As a fifth aspect of the present invention, there is provided a method for preparing the forchlorfenuron monoclonal antibody, comprising: injecting paraffin oil into the abdominal cavity of a BALB/c mouse, injecting a hybridoma cell strain with the preservation number of CGMCC No.19179 into the abdominal cavity, collecting ascites after injection, purifying the ascites, and preserving the obtained forchlorfenuron monoclonal antibody at low temperature.
Further, the preparation method of the forchlorfenuron monoclonal antibody comprises the following steps: taking BALB/c mice 8-10 weeks old, injecting paraffin oil 1mL into abdominal cavity of each mouse, injecting 1 × 10 into abdominal cavity of each mouse 7 days later6The hybridoma cell strain with the preservation number of CGMCC No.19179 collects ascites from the 7 th day, purifies the ascites by an octanoic acid-ammonium sulfate method, and stores the obtained monoclonal antibody at the temperature of-20 ℃.
As a sixth aspect of the present invention, there is provided a kit comprising the monoclonal cell strain or the forchlorfenuron monoclonal antibody.
The kit is used for analyzing and detecting the residual forchlorfenuron in food safety detection.

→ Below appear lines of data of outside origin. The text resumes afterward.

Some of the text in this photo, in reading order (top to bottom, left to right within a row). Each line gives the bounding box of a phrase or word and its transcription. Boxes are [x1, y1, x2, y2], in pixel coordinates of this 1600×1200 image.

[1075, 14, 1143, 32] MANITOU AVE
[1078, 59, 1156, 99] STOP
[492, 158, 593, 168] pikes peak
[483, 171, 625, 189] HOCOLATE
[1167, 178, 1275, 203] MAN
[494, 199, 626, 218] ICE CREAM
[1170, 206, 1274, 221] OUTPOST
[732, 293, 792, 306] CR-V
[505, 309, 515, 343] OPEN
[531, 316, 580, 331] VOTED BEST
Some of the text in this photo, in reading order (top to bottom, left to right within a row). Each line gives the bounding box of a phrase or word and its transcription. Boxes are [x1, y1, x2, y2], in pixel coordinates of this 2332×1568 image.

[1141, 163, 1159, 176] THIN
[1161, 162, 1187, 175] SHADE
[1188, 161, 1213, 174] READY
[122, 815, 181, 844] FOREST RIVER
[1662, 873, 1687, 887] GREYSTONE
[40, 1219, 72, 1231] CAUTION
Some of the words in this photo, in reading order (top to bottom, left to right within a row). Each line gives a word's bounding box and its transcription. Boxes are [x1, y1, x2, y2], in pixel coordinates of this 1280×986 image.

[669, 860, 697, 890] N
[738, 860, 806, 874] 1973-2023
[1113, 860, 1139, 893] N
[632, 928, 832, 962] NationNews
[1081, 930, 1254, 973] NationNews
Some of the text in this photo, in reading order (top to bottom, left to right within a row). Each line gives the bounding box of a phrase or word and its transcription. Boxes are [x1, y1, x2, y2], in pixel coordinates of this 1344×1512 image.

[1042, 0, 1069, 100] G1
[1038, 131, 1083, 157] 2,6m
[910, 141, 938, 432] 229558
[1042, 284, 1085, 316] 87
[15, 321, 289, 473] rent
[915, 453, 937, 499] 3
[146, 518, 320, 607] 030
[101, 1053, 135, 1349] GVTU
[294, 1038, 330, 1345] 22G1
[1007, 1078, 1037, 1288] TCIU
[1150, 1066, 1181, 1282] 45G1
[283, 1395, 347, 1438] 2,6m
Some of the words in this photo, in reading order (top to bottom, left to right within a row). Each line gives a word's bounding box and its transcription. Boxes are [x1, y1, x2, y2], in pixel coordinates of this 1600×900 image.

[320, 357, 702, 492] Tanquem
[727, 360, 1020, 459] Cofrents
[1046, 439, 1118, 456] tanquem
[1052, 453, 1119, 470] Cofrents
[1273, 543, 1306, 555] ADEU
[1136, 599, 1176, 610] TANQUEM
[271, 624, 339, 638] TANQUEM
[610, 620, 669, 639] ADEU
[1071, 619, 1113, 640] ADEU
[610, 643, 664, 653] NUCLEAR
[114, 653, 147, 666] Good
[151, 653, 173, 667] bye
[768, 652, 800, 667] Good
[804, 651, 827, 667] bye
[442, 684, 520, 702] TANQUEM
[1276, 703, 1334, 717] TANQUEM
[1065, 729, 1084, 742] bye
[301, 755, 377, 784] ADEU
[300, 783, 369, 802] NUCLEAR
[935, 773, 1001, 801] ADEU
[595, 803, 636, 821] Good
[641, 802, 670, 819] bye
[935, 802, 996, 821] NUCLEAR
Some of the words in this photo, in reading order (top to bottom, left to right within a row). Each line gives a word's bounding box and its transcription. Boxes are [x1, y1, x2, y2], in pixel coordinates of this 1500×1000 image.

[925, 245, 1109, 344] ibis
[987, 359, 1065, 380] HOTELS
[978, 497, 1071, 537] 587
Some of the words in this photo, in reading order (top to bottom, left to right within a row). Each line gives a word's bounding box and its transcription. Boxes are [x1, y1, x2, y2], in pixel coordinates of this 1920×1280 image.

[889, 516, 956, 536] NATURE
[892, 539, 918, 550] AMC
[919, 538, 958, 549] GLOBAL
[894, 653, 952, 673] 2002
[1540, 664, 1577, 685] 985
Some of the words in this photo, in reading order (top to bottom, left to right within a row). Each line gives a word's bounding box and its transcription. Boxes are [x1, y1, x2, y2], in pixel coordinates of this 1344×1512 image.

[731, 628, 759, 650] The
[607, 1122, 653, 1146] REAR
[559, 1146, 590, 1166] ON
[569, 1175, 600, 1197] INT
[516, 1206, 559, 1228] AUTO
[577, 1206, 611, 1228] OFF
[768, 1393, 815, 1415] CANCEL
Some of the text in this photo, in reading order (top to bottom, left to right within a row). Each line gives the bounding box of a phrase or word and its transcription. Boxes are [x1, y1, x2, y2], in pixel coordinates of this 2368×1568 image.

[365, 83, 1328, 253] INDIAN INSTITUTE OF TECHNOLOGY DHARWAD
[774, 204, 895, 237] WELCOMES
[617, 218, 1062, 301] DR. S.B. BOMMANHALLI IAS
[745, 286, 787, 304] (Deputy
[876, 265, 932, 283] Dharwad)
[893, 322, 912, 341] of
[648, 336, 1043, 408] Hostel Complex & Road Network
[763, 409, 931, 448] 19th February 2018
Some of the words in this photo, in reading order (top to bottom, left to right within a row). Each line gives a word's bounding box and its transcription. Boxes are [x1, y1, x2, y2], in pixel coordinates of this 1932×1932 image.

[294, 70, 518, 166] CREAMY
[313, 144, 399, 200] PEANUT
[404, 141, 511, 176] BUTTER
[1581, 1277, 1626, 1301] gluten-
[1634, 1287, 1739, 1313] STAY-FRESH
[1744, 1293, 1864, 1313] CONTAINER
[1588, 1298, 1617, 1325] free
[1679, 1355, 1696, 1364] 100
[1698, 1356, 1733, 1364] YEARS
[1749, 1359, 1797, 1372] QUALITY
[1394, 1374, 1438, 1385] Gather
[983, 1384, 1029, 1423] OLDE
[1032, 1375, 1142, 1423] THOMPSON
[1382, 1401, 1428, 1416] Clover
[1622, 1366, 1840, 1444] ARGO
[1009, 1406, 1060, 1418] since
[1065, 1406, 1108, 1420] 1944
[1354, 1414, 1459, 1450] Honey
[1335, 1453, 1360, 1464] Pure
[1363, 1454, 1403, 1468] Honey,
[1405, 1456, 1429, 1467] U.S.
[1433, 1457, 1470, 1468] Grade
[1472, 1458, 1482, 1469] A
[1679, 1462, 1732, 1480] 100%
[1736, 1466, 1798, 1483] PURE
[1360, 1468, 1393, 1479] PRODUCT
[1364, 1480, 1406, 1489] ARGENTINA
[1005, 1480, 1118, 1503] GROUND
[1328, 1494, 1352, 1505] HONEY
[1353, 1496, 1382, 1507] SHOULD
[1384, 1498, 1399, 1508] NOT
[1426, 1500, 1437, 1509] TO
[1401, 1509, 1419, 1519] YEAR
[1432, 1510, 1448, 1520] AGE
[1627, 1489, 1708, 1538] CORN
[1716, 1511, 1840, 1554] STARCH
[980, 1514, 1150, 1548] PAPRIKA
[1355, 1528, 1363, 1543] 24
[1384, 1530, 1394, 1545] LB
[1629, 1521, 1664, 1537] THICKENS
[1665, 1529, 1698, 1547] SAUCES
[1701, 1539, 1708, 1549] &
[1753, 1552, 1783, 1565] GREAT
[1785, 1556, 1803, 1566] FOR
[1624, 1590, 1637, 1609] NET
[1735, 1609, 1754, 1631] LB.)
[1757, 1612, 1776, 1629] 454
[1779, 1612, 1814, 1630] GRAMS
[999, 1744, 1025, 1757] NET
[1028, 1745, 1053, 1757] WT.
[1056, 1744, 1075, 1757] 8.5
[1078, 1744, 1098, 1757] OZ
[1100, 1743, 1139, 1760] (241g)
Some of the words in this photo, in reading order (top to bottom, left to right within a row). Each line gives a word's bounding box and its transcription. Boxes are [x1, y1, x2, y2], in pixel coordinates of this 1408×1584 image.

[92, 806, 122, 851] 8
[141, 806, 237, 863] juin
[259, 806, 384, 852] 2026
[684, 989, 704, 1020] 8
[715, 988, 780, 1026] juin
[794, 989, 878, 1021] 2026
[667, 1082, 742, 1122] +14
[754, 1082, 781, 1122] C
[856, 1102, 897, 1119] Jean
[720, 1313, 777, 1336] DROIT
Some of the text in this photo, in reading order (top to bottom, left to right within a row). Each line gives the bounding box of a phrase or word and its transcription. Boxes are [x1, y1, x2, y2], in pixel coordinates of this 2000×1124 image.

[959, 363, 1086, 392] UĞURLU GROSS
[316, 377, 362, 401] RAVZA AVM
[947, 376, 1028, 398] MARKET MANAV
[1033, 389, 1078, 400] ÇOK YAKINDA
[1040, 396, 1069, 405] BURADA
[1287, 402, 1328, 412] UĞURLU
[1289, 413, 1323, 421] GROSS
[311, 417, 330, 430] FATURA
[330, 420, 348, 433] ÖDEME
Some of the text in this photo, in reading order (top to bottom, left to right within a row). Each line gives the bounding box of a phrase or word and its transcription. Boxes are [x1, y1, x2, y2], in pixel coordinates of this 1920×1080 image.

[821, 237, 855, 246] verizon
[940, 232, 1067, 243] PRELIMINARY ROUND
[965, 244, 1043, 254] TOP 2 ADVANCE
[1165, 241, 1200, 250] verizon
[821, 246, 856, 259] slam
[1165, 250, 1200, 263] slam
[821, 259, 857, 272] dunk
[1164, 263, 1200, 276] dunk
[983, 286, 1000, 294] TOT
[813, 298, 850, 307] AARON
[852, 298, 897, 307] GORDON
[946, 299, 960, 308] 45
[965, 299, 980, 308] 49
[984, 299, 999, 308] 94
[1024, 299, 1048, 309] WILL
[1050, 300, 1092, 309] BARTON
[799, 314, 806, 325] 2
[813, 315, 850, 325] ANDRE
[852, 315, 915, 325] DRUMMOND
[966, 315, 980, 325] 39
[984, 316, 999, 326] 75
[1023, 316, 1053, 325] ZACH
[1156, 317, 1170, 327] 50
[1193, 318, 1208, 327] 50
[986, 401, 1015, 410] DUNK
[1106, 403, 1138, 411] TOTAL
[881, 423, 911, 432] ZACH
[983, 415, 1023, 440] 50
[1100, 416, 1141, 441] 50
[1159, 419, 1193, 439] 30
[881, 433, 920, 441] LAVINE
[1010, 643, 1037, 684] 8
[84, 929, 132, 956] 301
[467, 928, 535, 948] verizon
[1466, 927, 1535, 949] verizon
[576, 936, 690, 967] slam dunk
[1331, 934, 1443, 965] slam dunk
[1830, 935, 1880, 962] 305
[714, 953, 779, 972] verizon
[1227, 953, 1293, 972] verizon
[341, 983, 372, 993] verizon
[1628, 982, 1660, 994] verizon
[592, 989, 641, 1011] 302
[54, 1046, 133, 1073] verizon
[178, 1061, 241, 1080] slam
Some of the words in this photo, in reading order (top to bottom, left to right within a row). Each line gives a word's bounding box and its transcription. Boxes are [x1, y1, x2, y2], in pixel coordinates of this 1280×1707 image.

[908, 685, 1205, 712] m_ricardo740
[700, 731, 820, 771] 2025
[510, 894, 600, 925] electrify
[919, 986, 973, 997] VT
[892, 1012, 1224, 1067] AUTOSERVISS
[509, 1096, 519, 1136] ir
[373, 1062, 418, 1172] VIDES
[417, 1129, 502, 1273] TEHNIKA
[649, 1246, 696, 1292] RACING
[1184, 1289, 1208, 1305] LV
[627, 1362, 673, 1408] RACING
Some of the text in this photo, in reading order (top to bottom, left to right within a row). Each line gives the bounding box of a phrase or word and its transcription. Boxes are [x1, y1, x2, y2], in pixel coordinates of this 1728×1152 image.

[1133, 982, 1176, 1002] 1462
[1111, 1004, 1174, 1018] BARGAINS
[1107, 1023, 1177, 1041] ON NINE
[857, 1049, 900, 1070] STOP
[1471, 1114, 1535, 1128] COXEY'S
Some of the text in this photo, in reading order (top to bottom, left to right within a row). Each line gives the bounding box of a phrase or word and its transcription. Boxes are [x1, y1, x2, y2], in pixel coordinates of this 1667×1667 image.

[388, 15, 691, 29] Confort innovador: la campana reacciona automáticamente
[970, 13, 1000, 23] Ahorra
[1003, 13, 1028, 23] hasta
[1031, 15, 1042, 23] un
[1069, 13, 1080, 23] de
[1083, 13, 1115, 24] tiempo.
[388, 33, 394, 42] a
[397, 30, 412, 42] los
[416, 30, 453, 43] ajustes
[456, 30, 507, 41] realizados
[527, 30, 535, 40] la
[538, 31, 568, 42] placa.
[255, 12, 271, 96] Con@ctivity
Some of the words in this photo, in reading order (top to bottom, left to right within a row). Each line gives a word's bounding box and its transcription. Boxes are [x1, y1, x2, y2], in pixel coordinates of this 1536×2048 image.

Compared with the prior art, the invention has the beneficial effects that:
(1) the invention explores a new method for preparing the forchlorfenuron monoclonal antibody by utilizing a hybridoma cell strain capable of secreting the forchlorfenuron monoclonal antibody, and provides an immunological method for detecting the forchlorfenuron residue in animal tissues.
(2) The obtained monoclonal antibody of forchlorfenuron has strong specificity and high detection sensitivity (IC) for forchlorfenuron50A value of 0.39 ng/mL);
(3) the forchlorfenuron monoclonal antibody cell strain obtained by the invention can be used for immunoassay detection and detection of forchlorfenuron residues in food, and has good practical application value.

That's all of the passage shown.